Editors, Daily Planet: 

For decades Berkeley has had a City Council sharply riven by rent control, development, West Berkeley industry and downtown parking. But the division between those who say what they mean and those who have to take time to figure out what they want to appear to mean (the latter forming a distinct majority on this Council) is the one that always interests me most. 

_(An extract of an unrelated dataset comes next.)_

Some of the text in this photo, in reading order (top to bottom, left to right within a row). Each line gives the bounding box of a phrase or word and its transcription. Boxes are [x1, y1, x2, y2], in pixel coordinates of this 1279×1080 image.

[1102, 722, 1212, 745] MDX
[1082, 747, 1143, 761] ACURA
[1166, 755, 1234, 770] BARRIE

Laurie Capitelli often tantalizingly joins the minority, and I wish he’d do it more often. His careful quote in Friday’s Planet, that the Chamber of Commerce Measure J Landmarks mailing shows “it’s unfortunate we live in this world of 30-second sound bites and 10-word messages on post cards,” takes a typically halfway tone for him: he recognizes dishonest literature and wishes his name wasn’t affixed to it, but he won’t risk offending the people who put his name there. If Councilmember Capitelli really wants to do good by both his reputation and his constituency, he either wouldn’t let his name be associated with statements he knows aren’t true, or would repudiate it if he wasn’t properly contacted before his name was used. The same goes for everyone listed on that shameful piece. 

Dave Blake 




Editors, Daily Planet: 

I will be voting for David Baggins because he is a candidate who strongly feels, like many other parents in BUSD, that the district needs to tighten the process for proving residency. All of my son’s sophomore classes at BHS have more than the Measure A goal of 28 students per class. How can we maintain reasonable class sizes if we continue to admit students without a “fixed Berkeley address.” I agree with Becky O’Malley that there is “absolutely no credible data” to support this discussion. That’s because BUSD’s current policy only counts the honest families who apply for an inter-district permit. 

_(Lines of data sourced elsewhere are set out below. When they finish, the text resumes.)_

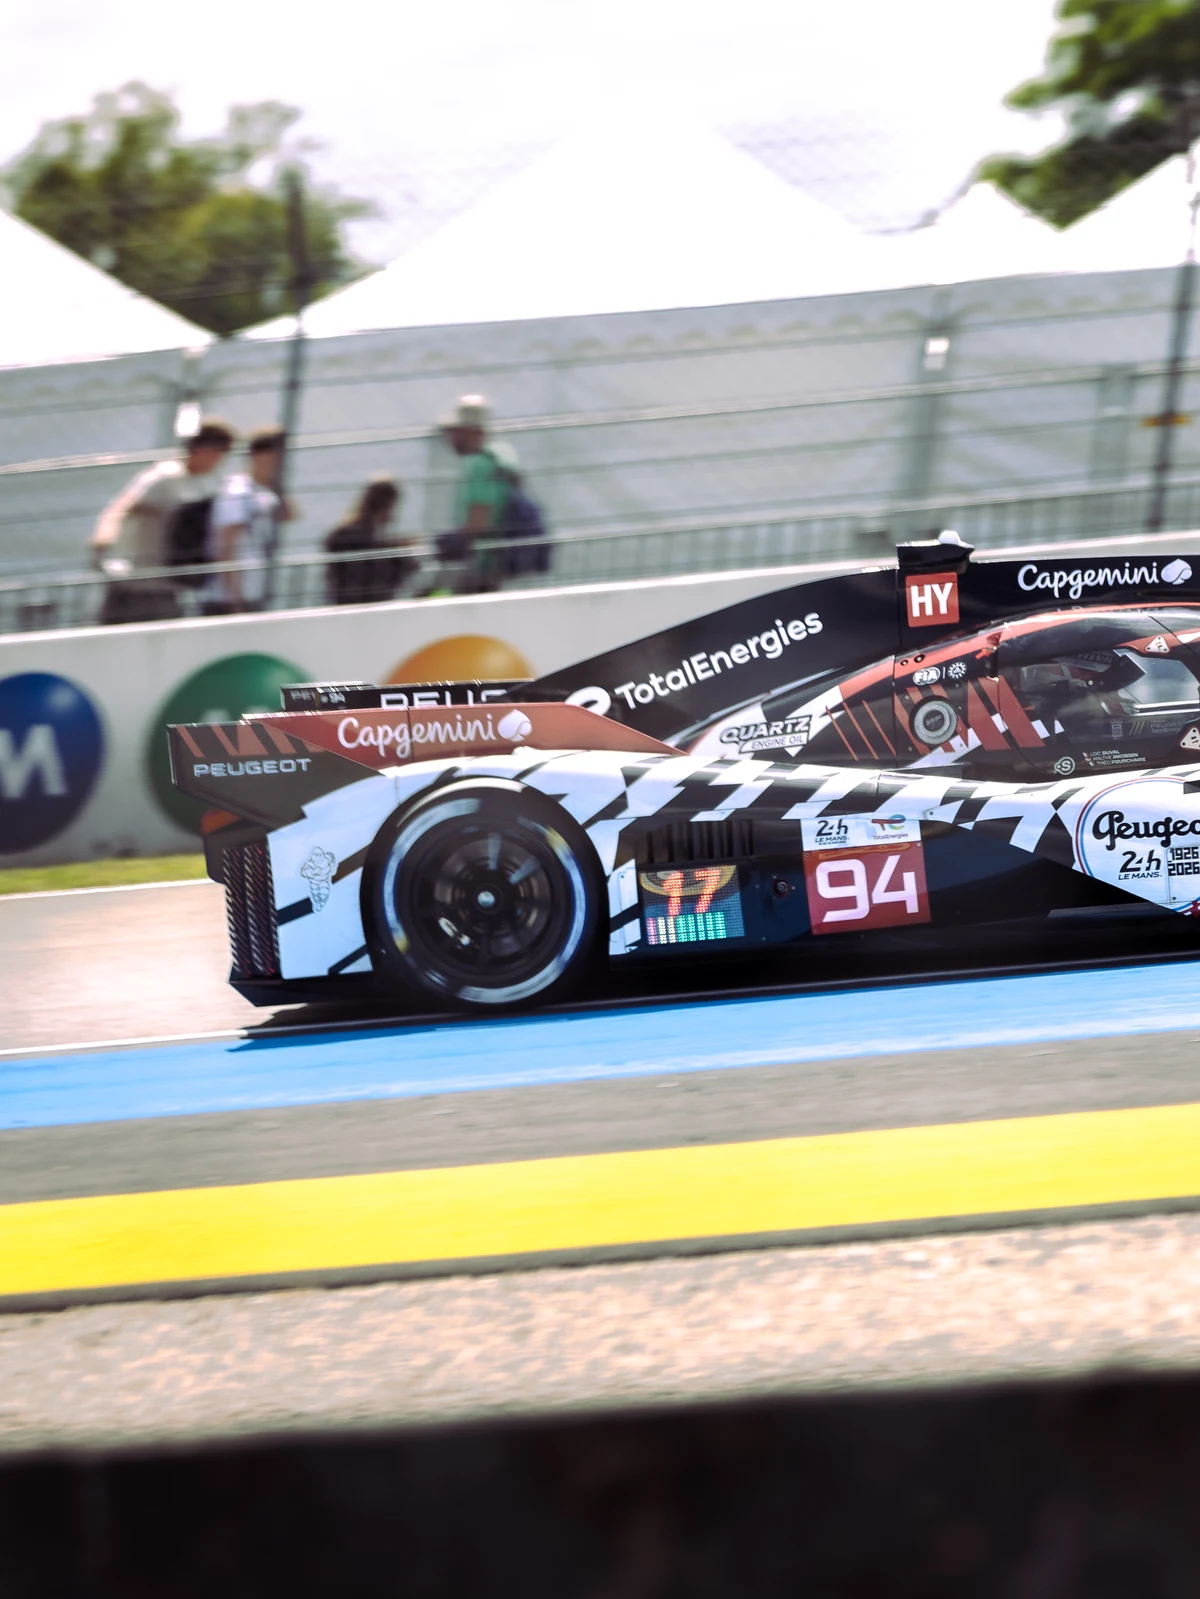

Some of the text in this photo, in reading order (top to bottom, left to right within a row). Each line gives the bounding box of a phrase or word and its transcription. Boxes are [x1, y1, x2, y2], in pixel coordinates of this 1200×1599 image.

[1017, 562, 1160, 600] Capgemini
[909, 582, 954, 618] HY
[614, 612, 824, 710] TotalEnergies
[914, 668, 939, 682] FIA
[337, 712, 496, 758] Capgemini
[719, 714, 813, 744] QUARTZ
[751, 734, 805, 750] ENGINE OIL
[193, 757, 313, 778] PEUGEOT
[1111, 757, 1147, 765] POURCHAIRE
[815, 818, 849, 837] 24h
[1119, 849, 1162, 873] 24h
[1169, 846, 1200, 861] 1926
[1131, 871, 1160, 879] MANS
[1167, 861, 1200, 877] 2026
[662, 868, 722, 917] 17
[815, 855, 920, 923] 94

As I talk to parents at various functions who live outside of the district and drop my kids off at friends’ homes outside of Berkeley I wonder how many students can BUSD effectively educate. Taxpayers and policy makers need to have accurate data to make informed decisions on how to allocate BUSD funds. 

Lorraine Mahley 




Editors, Daily Planet: 

So, is George Beier running against AC Transit? You might think so, based on the misleading campaign flyer that recently arrived in District 7 mailboxes. While George never uses the words “Bus Rapid Transit” (BRT), that’s what he’s talking about when he falsely claims that bus-only lanes on Telegraph will lead to more traffic. Beier says BRT will cause gridlock on Telegraph. How does he know this? AC Transit says that, based on their analysis, BRT will reduce traffic overall and won’t cause major problems to traffic flow on Telegraph. There will still be turning lanes at intersections and will be room for both cars and buses. 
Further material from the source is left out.